18 February 2022

This week (w/c Feb 7) has been a much stronger sales week than most expected. South Korean as well as Taiwanese tanners were expected to be in the market, but the reel surprise has been the amount of business concluded with Chinese tanners. Volumes are obviously down on a normal week but have been high enough for some selections of steers and heifers to have witnessed price increases. The current market is starting to feel as though the bottom may have been reached, with tanners not wanting to risk waiting and paying more. Report by TheSauerReport.

From the Chinese tanners’ perspective, without buying from the U.S. there really is no other viable alternative at the moment. In normal times, they could opt for Australian or South American hides, but both of those origins have slaughter numbers well below 2019 levels and, in the case of Australia, numbers will not start to increase until 2024.

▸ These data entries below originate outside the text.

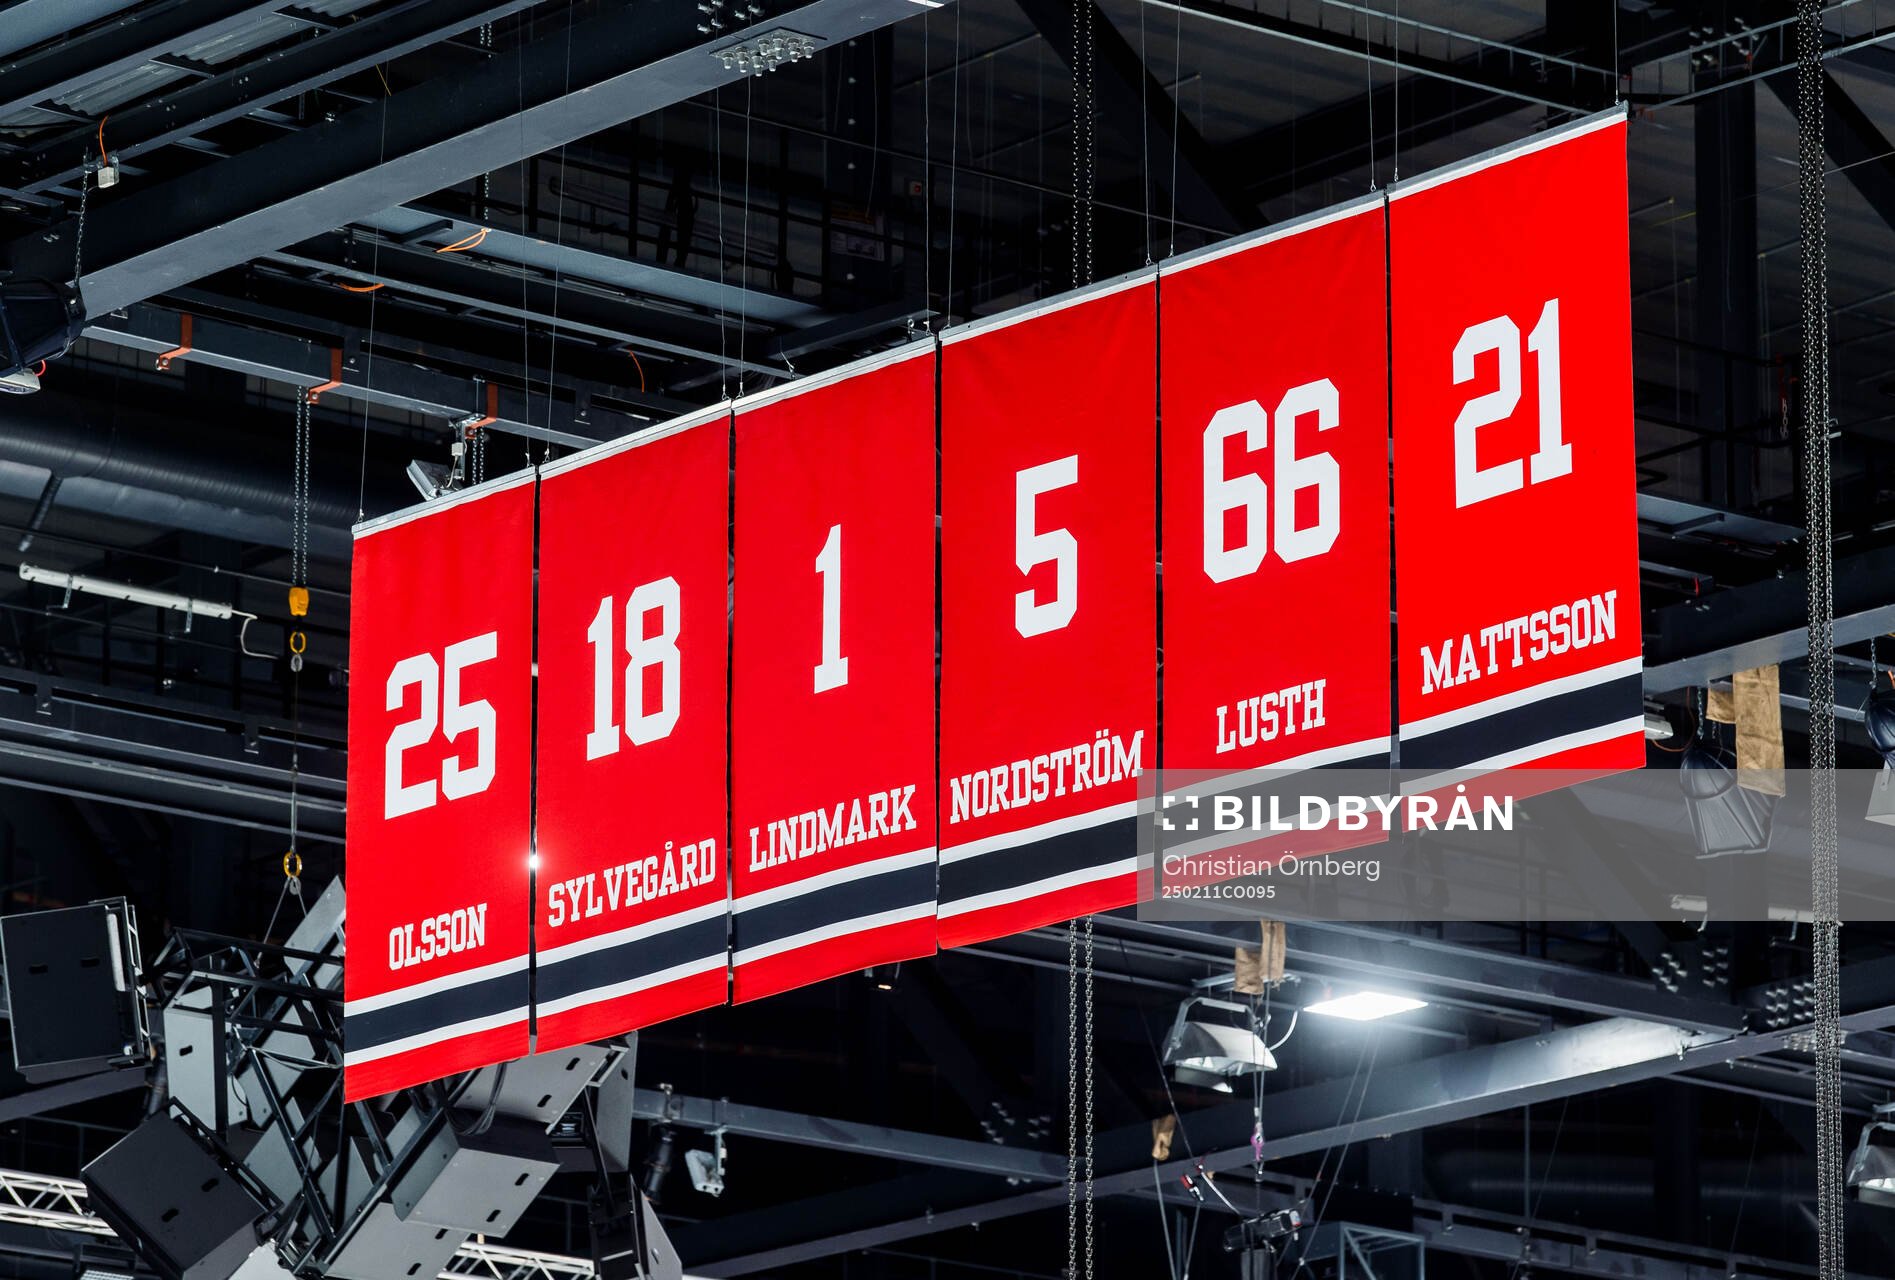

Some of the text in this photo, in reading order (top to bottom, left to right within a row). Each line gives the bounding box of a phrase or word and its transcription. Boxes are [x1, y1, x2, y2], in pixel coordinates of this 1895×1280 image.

[1453, 298, 1572, 508] 21
[1015, 455, 1078, 638] 5
[1204, 378, 1340, 583] 66
[587, 576, 680, 760] 18
[814, 524, 848, 694] 1
[1421, 590, 1617, 695] MATTSSON
[385, 631, 497, 820] 25
[950, 729, 1143, 824] NORDSTRÖM
[1216, 680, 1326, 753] LUSTH
[548, 838, 716, 928] SYLVEGÅRD
[750, 785, 917, 872] LINDMARK
[389, 904, 487, 971] OLSSON

Then there are the European hides, which will start to increase in numbers as we move towards the spring, but freight rates added to the cost of hide prices them out of the market. High freight rates are in many cases stopping U.S. hides being sold in volume to European tanners. And so, we are left with the situation that has prevailed ever since the pandemic started; that the U.S. hide supply needs the Chinese tanning industry to continue buying, just as much as the Chinese tanning industry is heavily reliant upon the U.S. supply.

Wet-blue tanners had much less populated offer lists this week, following on from some high volume sales for much of 2022 so far.